ENTRIES SHOWN:
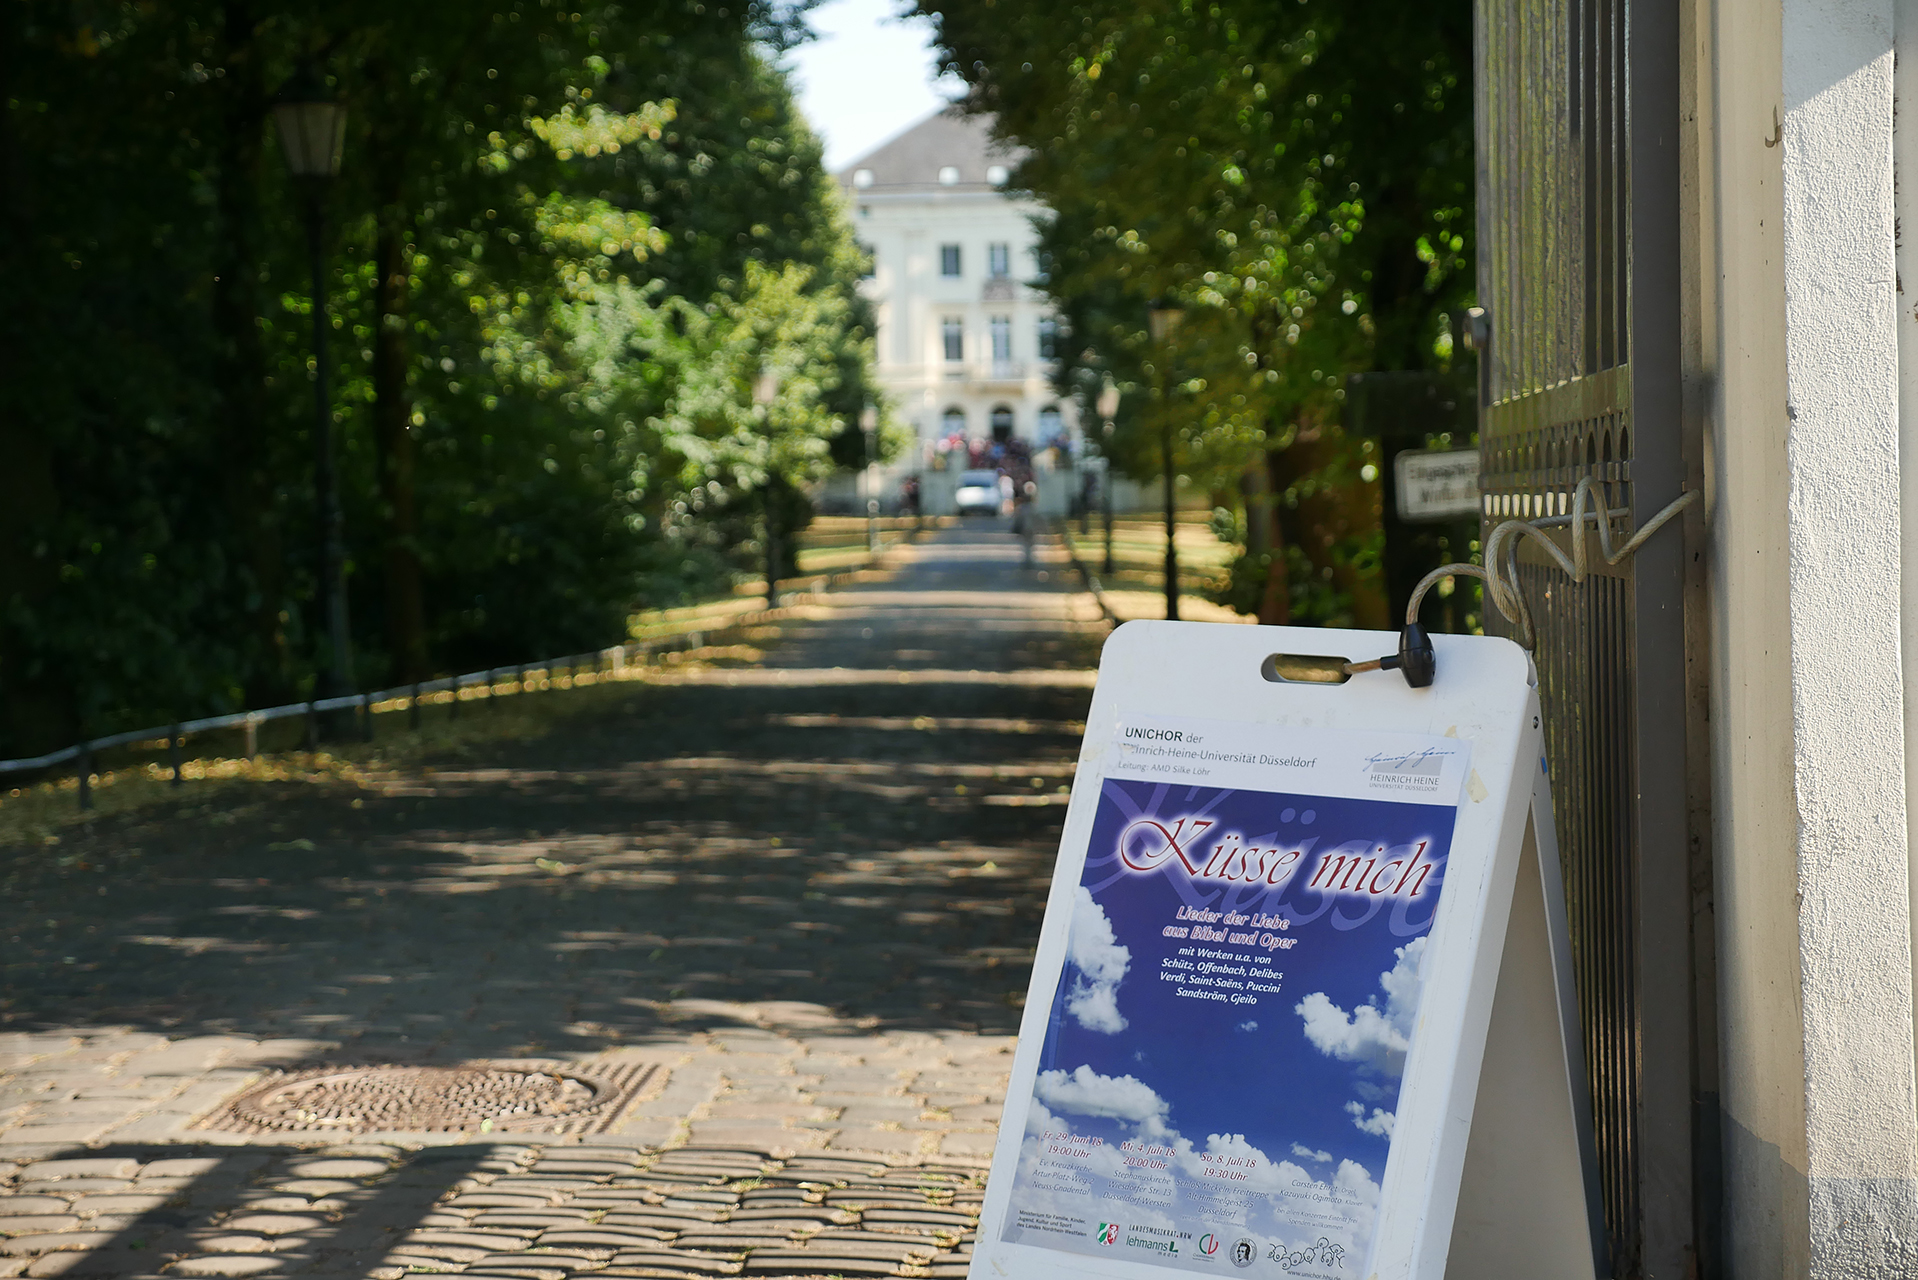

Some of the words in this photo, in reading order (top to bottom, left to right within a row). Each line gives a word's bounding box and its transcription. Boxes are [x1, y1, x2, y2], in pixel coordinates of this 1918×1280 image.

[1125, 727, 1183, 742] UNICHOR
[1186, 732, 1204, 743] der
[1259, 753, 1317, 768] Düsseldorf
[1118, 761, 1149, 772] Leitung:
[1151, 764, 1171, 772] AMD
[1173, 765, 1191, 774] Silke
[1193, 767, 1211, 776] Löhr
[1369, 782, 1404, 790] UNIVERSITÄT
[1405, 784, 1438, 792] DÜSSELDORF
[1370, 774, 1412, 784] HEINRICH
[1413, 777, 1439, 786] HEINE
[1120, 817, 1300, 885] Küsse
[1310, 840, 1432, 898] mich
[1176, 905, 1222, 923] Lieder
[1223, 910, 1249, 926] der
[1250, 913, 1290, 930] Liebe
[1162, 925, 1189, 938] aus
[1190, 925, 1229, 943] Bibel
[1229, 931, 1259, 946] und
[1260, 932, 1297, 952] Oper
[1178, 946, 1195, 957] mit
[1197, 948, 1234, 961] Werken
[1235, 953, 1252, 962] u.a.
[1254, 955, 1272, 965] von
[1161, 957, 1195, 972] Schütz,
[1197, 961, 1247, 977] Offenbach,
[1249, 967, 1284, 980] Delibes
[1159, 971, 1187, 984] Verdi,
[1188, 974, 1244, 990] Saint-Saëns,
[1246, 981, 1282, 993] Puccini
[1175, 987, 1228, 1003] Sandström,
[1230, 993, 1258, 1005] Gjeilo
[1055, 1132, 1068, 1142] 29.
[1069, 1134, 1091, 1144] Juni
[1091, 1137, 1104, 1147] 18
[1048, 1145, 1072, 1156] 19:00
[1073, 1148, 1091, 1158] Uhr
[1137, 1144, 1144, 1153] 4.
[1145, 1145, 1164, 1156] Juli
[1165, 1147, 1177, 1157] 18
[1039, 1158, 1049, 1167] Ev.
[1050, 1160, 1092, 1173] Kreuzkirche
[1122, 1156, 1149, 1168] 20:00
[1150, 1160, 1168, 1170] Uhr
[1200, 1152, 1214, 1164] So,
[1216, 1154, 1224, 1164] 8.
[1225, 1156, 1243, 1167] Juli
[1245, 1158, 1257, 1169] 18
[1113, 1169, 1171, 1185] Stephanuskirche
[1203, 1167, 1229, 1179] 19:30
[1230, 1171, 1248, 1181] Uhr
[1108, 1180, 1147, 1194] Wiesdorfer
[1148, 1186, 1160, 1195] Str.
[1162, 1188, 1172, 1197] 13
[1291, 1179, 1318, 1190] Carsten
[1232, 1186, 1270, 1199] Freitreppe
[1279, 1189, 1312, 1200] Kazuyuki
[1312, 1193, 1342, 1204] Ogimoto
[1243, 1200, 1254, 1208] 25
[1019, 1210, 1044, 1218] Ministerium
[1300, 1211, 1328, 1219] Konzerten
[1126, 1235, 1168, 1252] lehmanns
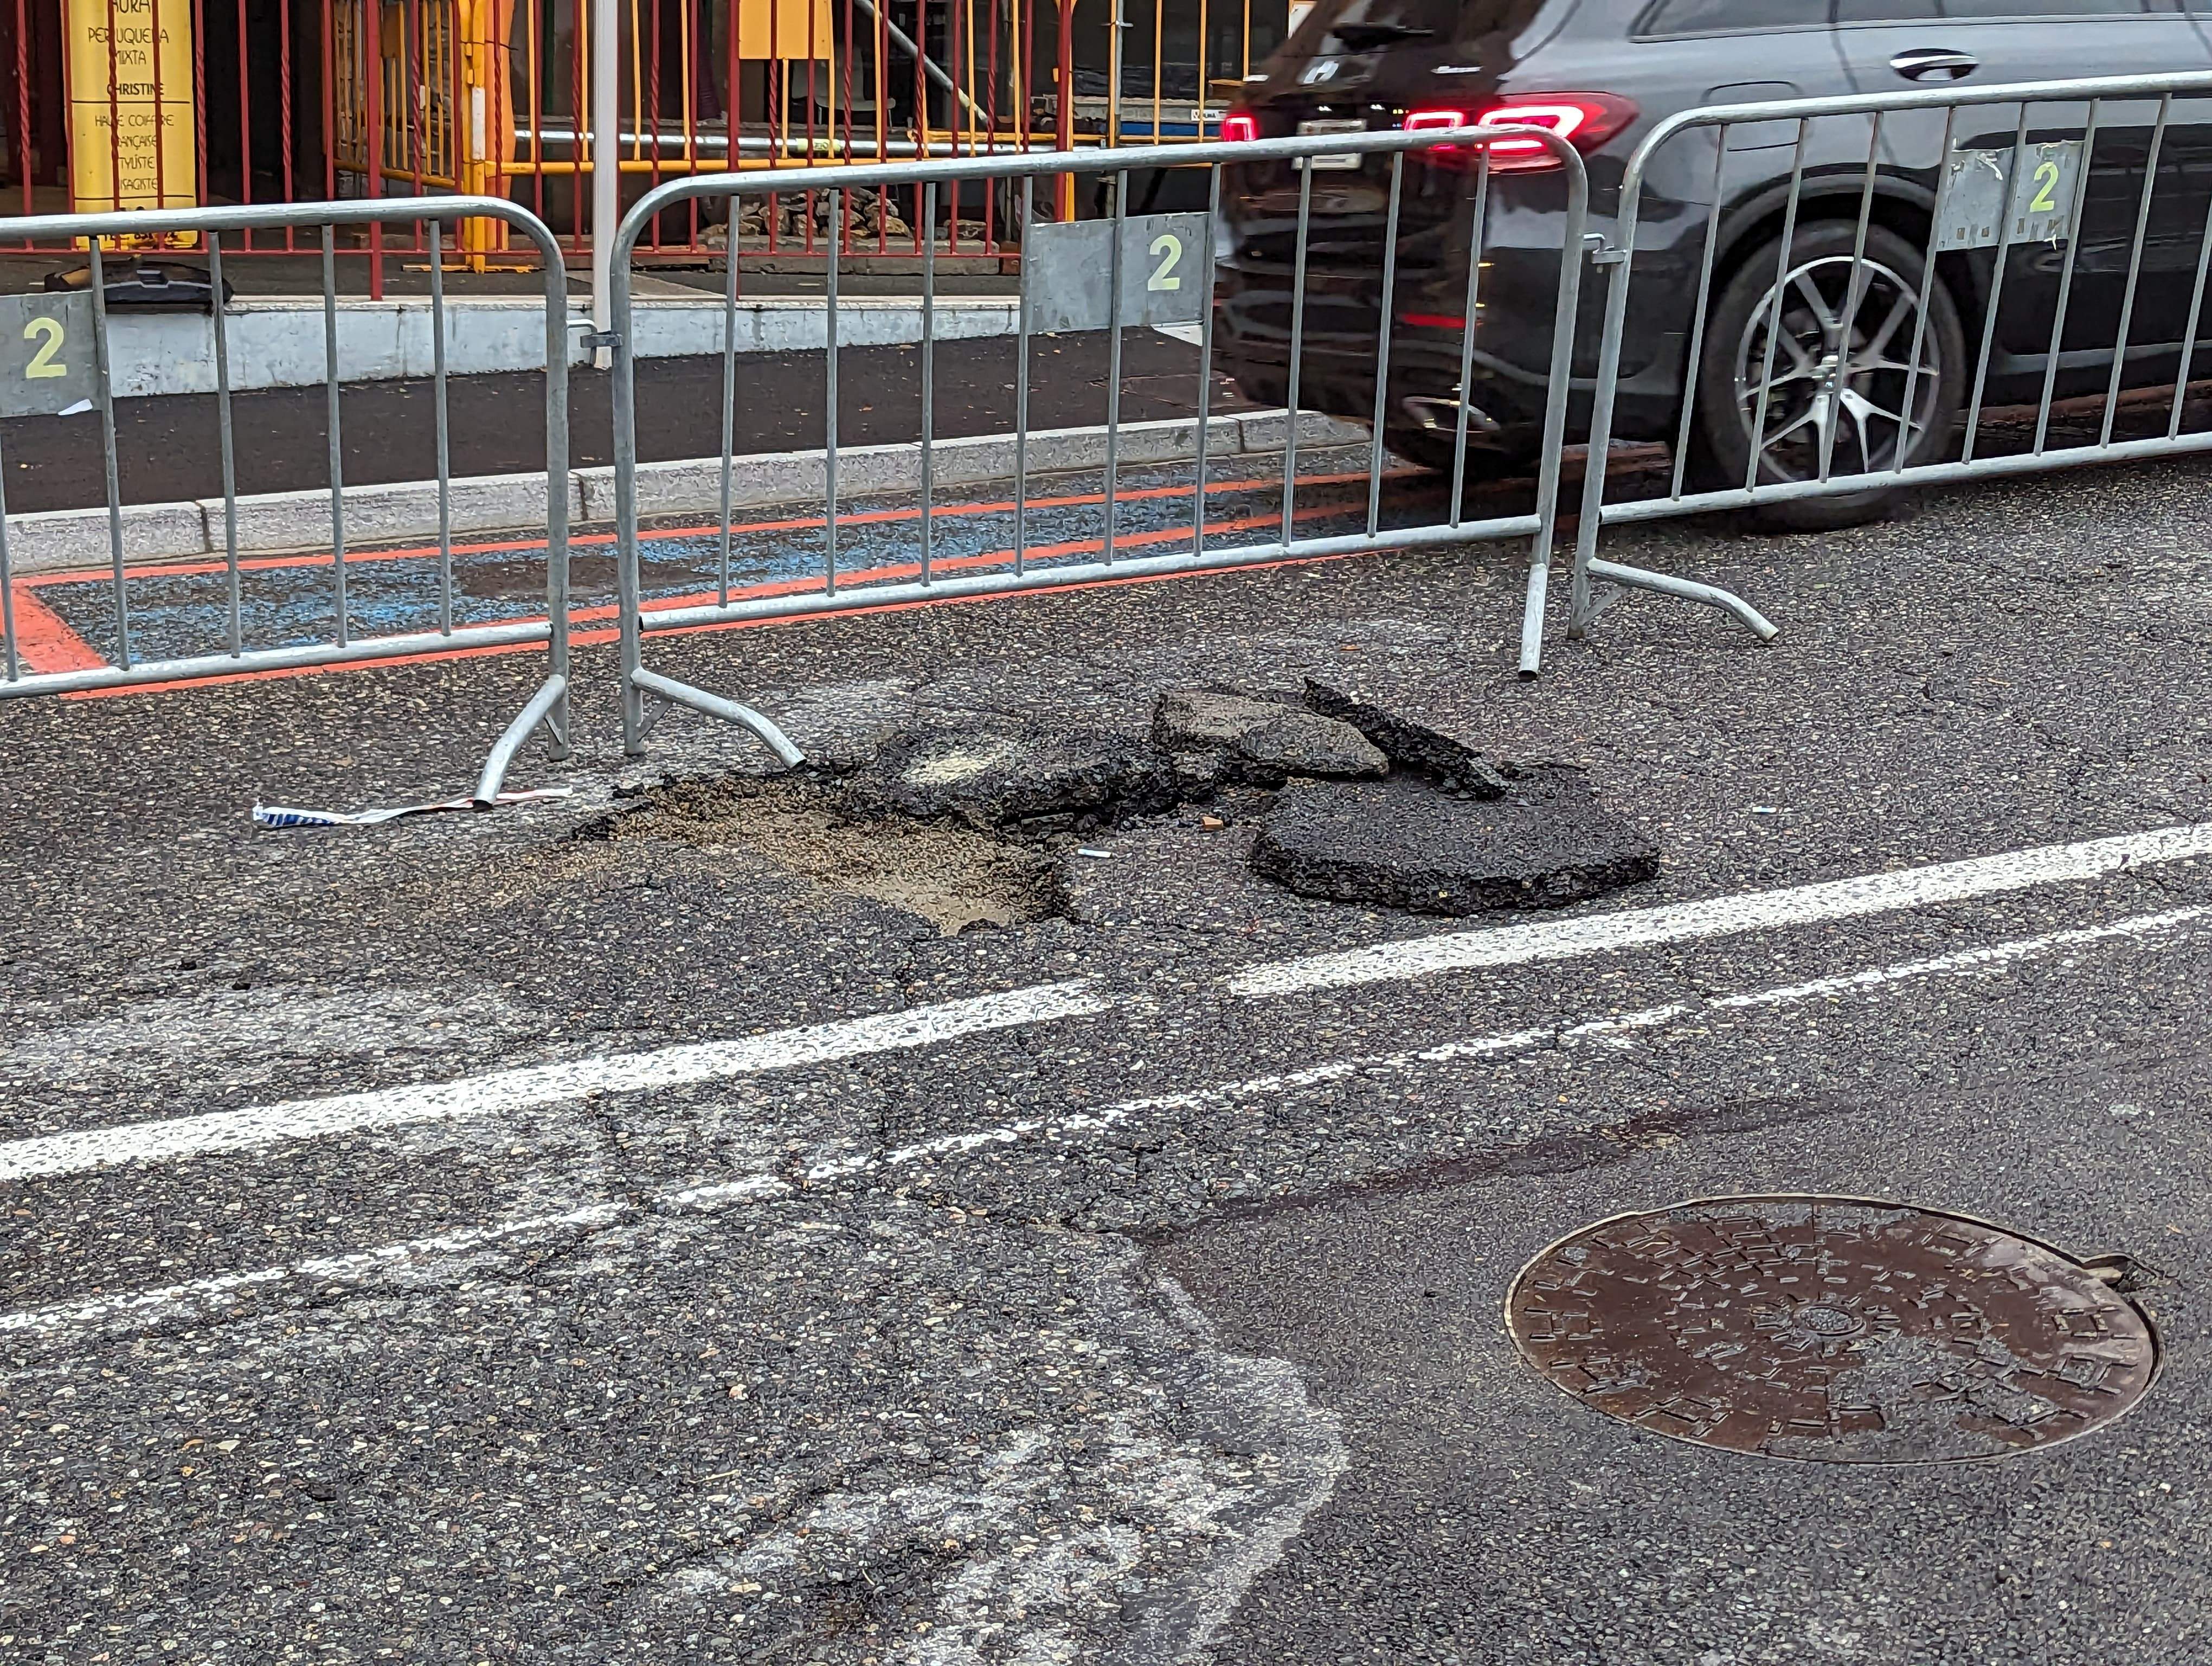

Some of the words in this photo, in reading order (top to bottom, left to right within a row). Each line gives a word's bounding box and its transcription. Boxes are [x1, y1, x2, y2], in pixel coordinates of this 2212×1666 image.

EXERCISE: Copy all records exactly; omit images.

PROBLEM SOLUTION:
Some of the words in this photo, in reading order (top to bottom, left to right within a row). Each line gives a word's bounding box and its transcription. Boxes are [x1, y1, x2, y2], in pixel coordinates of this 1918×1280 image.

[1125, 727, 1183, 742] UNICHOR
[1186, 732, 1204, 743] der
[1259, 753, 1317, 768] Düsseldorf
[1118, 761, 1149, 772] Leitung:
[1151, 764, 1171, 772] AMD
[1173, 765, 1191, 774] Silke
[1193, 767, 1211, 776] Löhr
[1369, 782, 1404, 790] UNIVERSITÄT
[1405, 784, 1438, 792] DÜSSELDORF
[1370, 774, 1412, 784] HEINRICH
[1413, 777, 1439, 786] HEINE
[1120, 817, 1300, 885] Küsse
[1310, 840, 1432, 898] mich
[1176, 905, 1222, 923] Lieder
[1223, 910, 1249, 926] der
[1250, 913, 1290, 930] Liebe
[1162, 925, 1189, 938] aus
[1190, 925, 1229, 943] Bibel
[1229, 931, 1259, 946] und
[1260, 932, 1297, 952] Oper
[1178, 946, 1195, 957] mit
[1197, 948, 1234, 961] Werken
[1235, 953, 1252, 962] u.a.
[1254, 955, 1272, 965] von
[1161, 957, 1195, 972] Schütz,
[1197, 961, 1247, 977] Offenbach,
[1249, 967, 1284, 980] Delibes
[1159, 971, 1187, 984] Verdi,
[1188, 974, 1244, 990] Saint-Saëns,
[1246, 981, 1282, 993] Puccini
[1175, 987, 1228, 1003] Sandström,
[1230, 993, 1258, 1005] Gjeilo
[1055, 1132, 1068, 1142] 29.
[1069, 1134, 1091, 1144] Juni
[1091, 1137, 1104, 1147] 18
[1048, 1145, 1072, 1156] 19:00
[1073, 1148, 1091, 1158] Uhr
[1137, 1144, 1144, 1153] 4.
[1145, 1145, 1164, 1156] Juli
[1165, 1147, 1177, 1157] 18
[1039, 1158, 1049, 1167] Ev.
[1050, 1160, 1092, 1173] Kreuzkirche
[1122, 1156, 1149, 1168] 20:00
[1150, 1160, 1168, 1170] Uhr
[1200, 1152, 1214, 1164] So,
[1216, 1154, 1224, 1164] 8.
[1225, 1156, 1243, 1167] Juli
[1245, 1158, 1257, 1169] 18
[1113, 1169, 1171, 1185] Stephanuskirche
[1203, 1167, 1229, 1179] 19:30
[1230, 1171, 1248, 1181] Uhr
[1108, 1180, 1147, 1194] Wiesdorfer
[1148, 1186, 1160, 1195] Str.
[1162, 1188, 1172, 1197] 13
[1291, 1179, 1318, 1190] Carsten
[1232, 1186, 1270, 1199] Freitreppe
[1279, 1189, 1312, 1200] Kazuyuki
[1312, 1193, 1342, 1204] Ogimoto
[1243, 1200, 1254, 1208] 25
[1019, 1210, 1044, 1218] Ministerium
[1300, 1211, 1328, 1219] Konzerten
[1126, 1235, 1168, 1252] lehmanns

Some of the words in this photo, in reading order (top to bottom, left to right within a row). Each line gives a word's bounding box and its transcription. Boxes are [x1, y1, x2, y2], in pixel coordinates of this 2212×1666 image.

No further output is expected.